*WORK TO BE COMPLETED*
Every line of the material is to be transcribed verbatim, with images omitted.

*THE DATA*
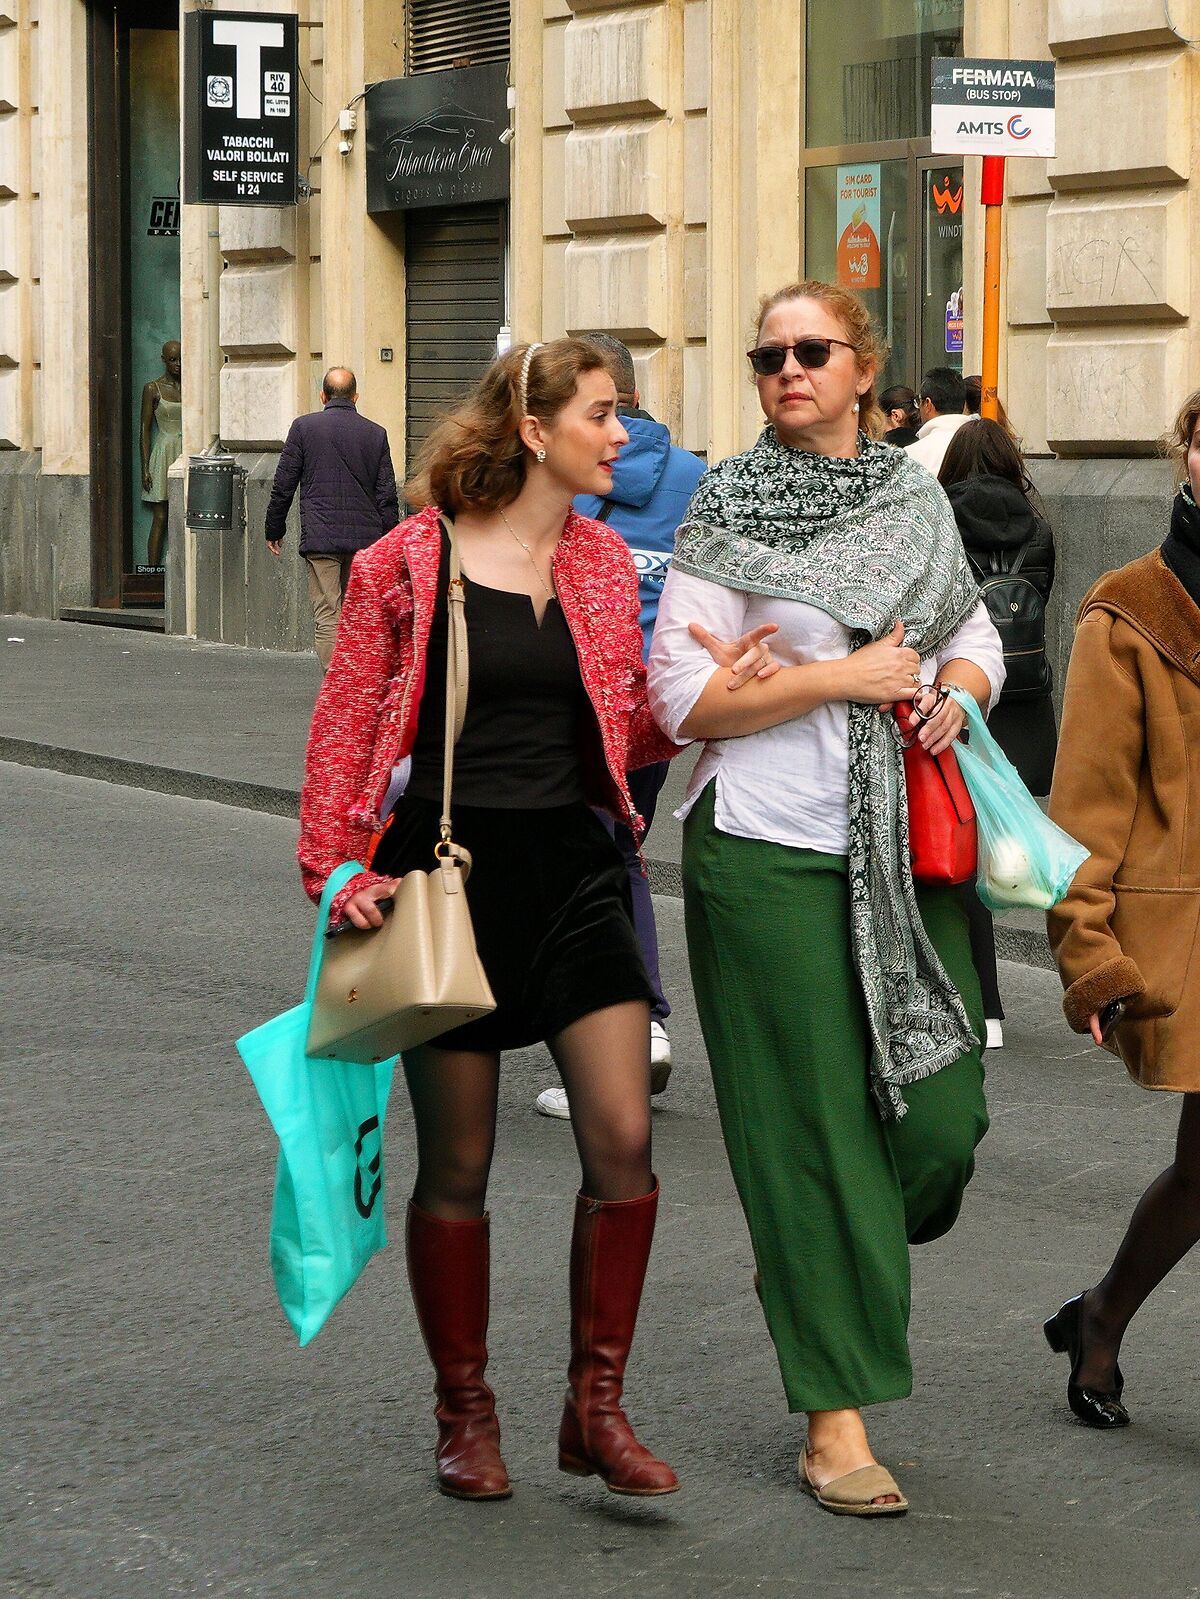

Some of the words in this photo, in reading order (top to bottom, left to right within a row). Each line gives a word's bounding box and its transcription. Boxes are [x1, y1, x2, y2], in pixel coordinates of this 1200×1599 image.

[213, 20, 284, 119] T
[270, 74, 286, 82] RIV.
[952, 68, 1036, 88] FERMATA
[271, 82, 285, 91] 40
[966, 89, 990, 100] (BUS
[992, 90, 1021, 102] STOP)
[957, 121, 1004, 135] AMTS
[223, 136, 274, 149] TABACCHI
[207, 150, 245, 162] VALORI
[247, 151, 289, 163] BOLLATI
[213, 170, 238, 182] SELF
[240, 172, 284, 183] SERVICE
[857, 174, 872, 184] CARD
[237, 184, 246, 194] H
[247, 185, 260, 195] 24
[840, 189, 853, 199] FOR
[853, 187, 878, 198] TOURIST
[137, 565, 155, 573] Shop

*YOUR SOLUTION*
Some of the words in this photo, in reading order (top to bottom, left to right within a row). Each line gives a word's bounding box and its transcription. Boxes are [x1, y1, x2, y2], in pixel coordinates of this 1200×1599 image.

[213, 20, 284, 119] T
[270, 74, 286, 82] RIV.
[952, 68, 1036, 88] FERMATA
[271, 82, 285, 91] 40
[966, 89, 990, 100] (BUS
[992, 90, 1021, 102] STOP)
[957, 121, 1004, 135] AMTS
[223, 136, 274, 149] TABACCHI
[207, 150, 245, 162] VALORI
[247, 151, 289, 163] BOLLATI
[213, 170, 238, 182] SELF
[240, 172, 284, 183] SERVICE
[857, 174, 872, 184] CARD
[237, 184, 246, 194] H
[247, 185, 260, 195] 24
[840, 189, 853, 199] FOR
[853, 187, 878, 198] TOURIST
[137, 565, 155, 573] Shop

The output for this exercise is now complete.